Het Spaanse werkwoord Llamar betekent bellen. Het is een normale -ar werkwoord, zoals buscar of parar. Hieronder vind je tabellen voor de vervoeging van Llamar in het heden, verleden en toekomst indicatief, de tegenwoordige en verleden conjunctief, evenals de gebiedende wijs en andere werkwoordsvormen.
Llamar Betekenis
De eenvoudige vertaling van Llamar is om te bellen, maar afhankelijk van het gebruik kan de betekenis enigszins variëren. Het kan bijvoorbeeld betekenen dat je iemand belt om naar je toe te komen, La madre llamó a los niños para la cena (De moeder heeft de kinderen gebeld voor het avondeten), of het kan betekenen om de telefoon te bellen, El doctor llamó a su paciente por teléfono (De arts belde zijn patiënt aan de telefoon). Bovendien kan het soms worden gebruikt om te zeggen dat iemand aan de deur staat, klopt of belt, Alguien lama a la puerta (Iemand is bij de deur).
Een andere betekenis van het werkwoord Llamar is om iets of iemand te noemen. Bijvoorbeeld, Cuando lo adoptamos, llamamos al perro Popo
(Toen we het adopteerden, noemden we de hond Popo). Het kan ook betekenen dat je iemand of iets met een bepaalde naam noemt, zoals in Su nombre es Federico, pero lo llamamos Fede (Zijn naam is Federico, maar we noemen hem Fede).Tenslotte, Llamar kan worden gebruikt als een wederkerend werkwoord, llamarse, om te praten over wat iemands naam is. Om te zeggen "mijn naam is Ana", kun je zeggen Mi nombre es Ana, maar het is eigenlijk heel gewoon om te zeggen Ik llamo Ana (Ik heet Ana). Om deze reden raken sommige mensen in de war en denken dat llamo betekent "naam", maar eigenlijk wanneer je het zegt ik llamo je zegt "ik ben geroepen". Vergeet niet om het werkwoord op deze manier te gebruiken wederkerend voornaamwoord voor het vervoegde werkwoord.
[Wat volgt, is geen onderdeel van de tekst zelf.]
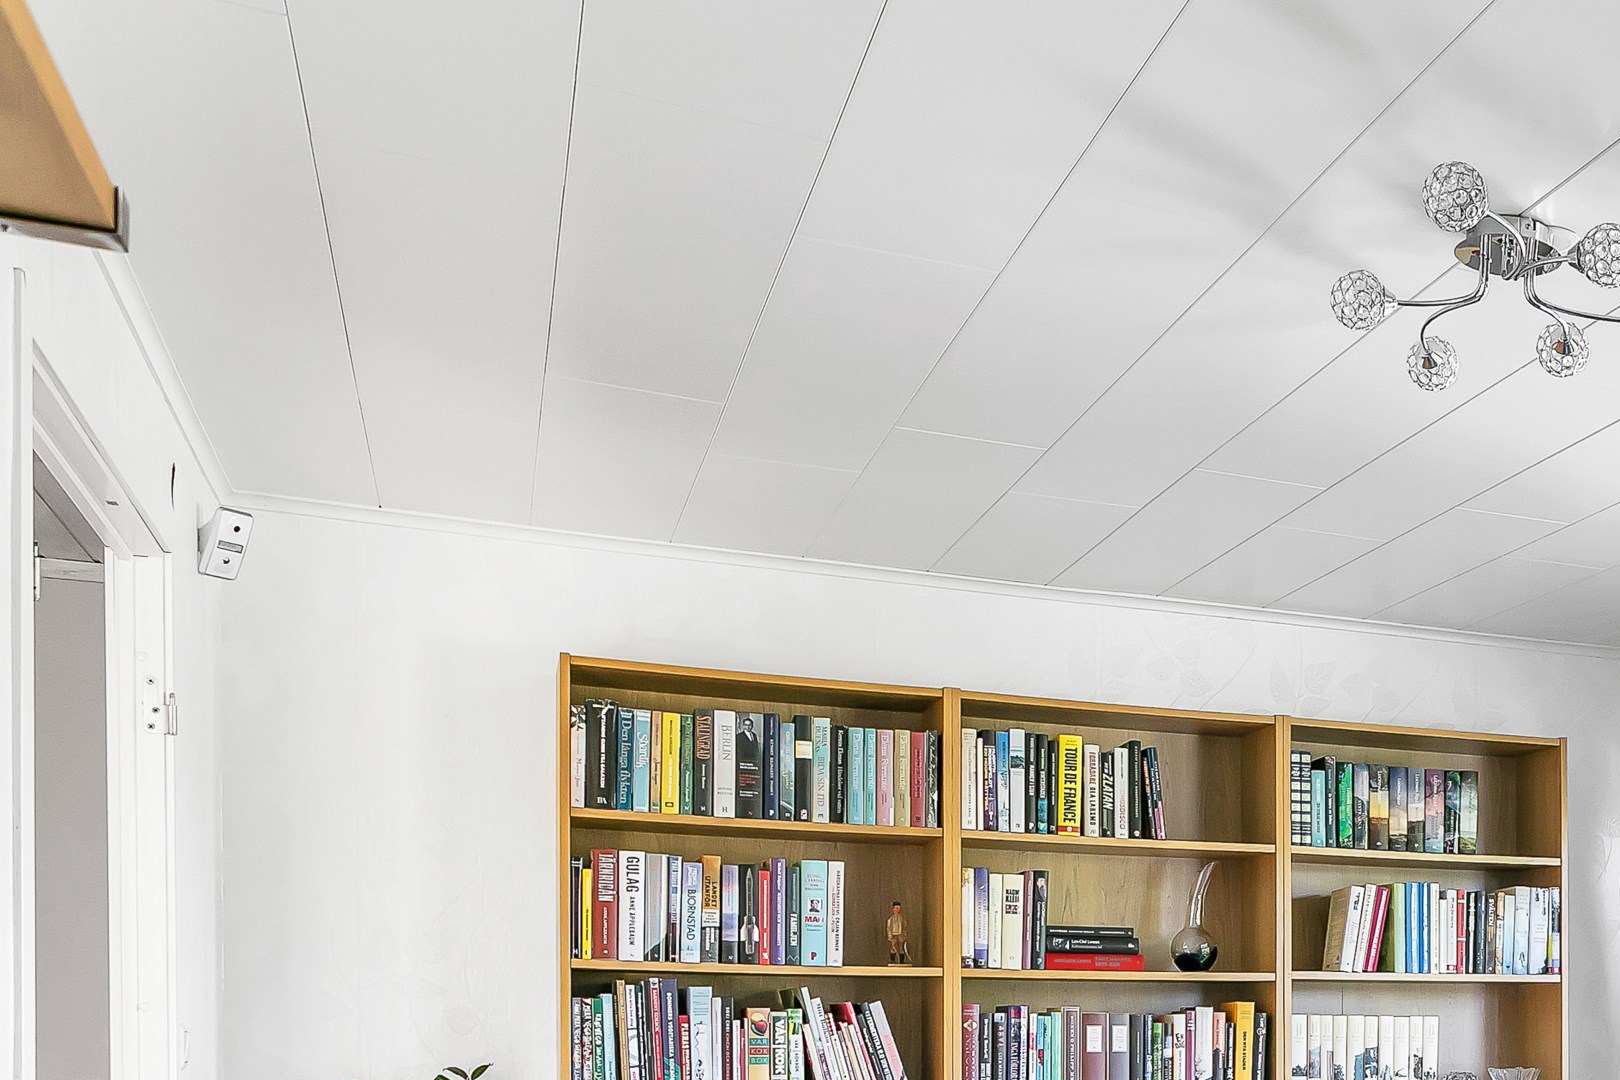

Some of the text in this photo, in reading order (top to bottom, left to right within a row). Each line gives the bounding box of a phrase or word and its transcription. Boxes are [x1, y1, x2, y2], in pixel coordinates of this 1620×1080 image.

Een ding om in gedachten te houden bij het gebruik van het werkwoord Llamar is hoe de dubbele L wordt uitgesproken in het Spaans. In het Engels wordt de dubbele L uitgesproken zoals je een normale L zou uitspreken. In het Spaans, wanneer er twee L's samen zijn, maken ze een geluid dat lijkt op de Engelse Y (zoals in yam), of vaak klinkt het als de Engelse J (zoals in Jack). Er is nogal wat variatie in de uitspraak van de Spaanse taal afhankelijk van waar de Spaanse spreker vandaan komt. Op sommige plaatsen in Zuid-Amerika klinkt het zelfs als Sh (zoals in haai).
Llamar Present Indicatief
Yo | llamo | ik bel | Yo llamo a mi madre por teléfono. |
Tú | lama's | Je belt | Tú llamas al niño para cenar. |
Usted / él / ella | lama | Jij / hij / zij belt | Ella lama a su abuela todas las semanas. |
Nosotros | Llamamos | Wij bellen | Nosotros llamamos a la puerta. |
Vosotros | llamáis | Je belt | Vosotros llamáis profe a la profesora. |
Ustedes / ellos / ellas | llaman | Jij / zij bellen | Ellos llaman a los bomberos por el incendio. |
Llamar Preterite Indicatief
In het Spaans zijn er twee vormen van de verleden tijd, de preterite en de onvolmaakt. De preterite wordt gebruikt om te praten over punctuele gebeurtenissen of gebeurtenissen die in het verleden een bepaald einde hebben gehad. Vergeet niet het accentteken op de laatste klinker van de yo en usted / él / ellavormt zich in de preteriet.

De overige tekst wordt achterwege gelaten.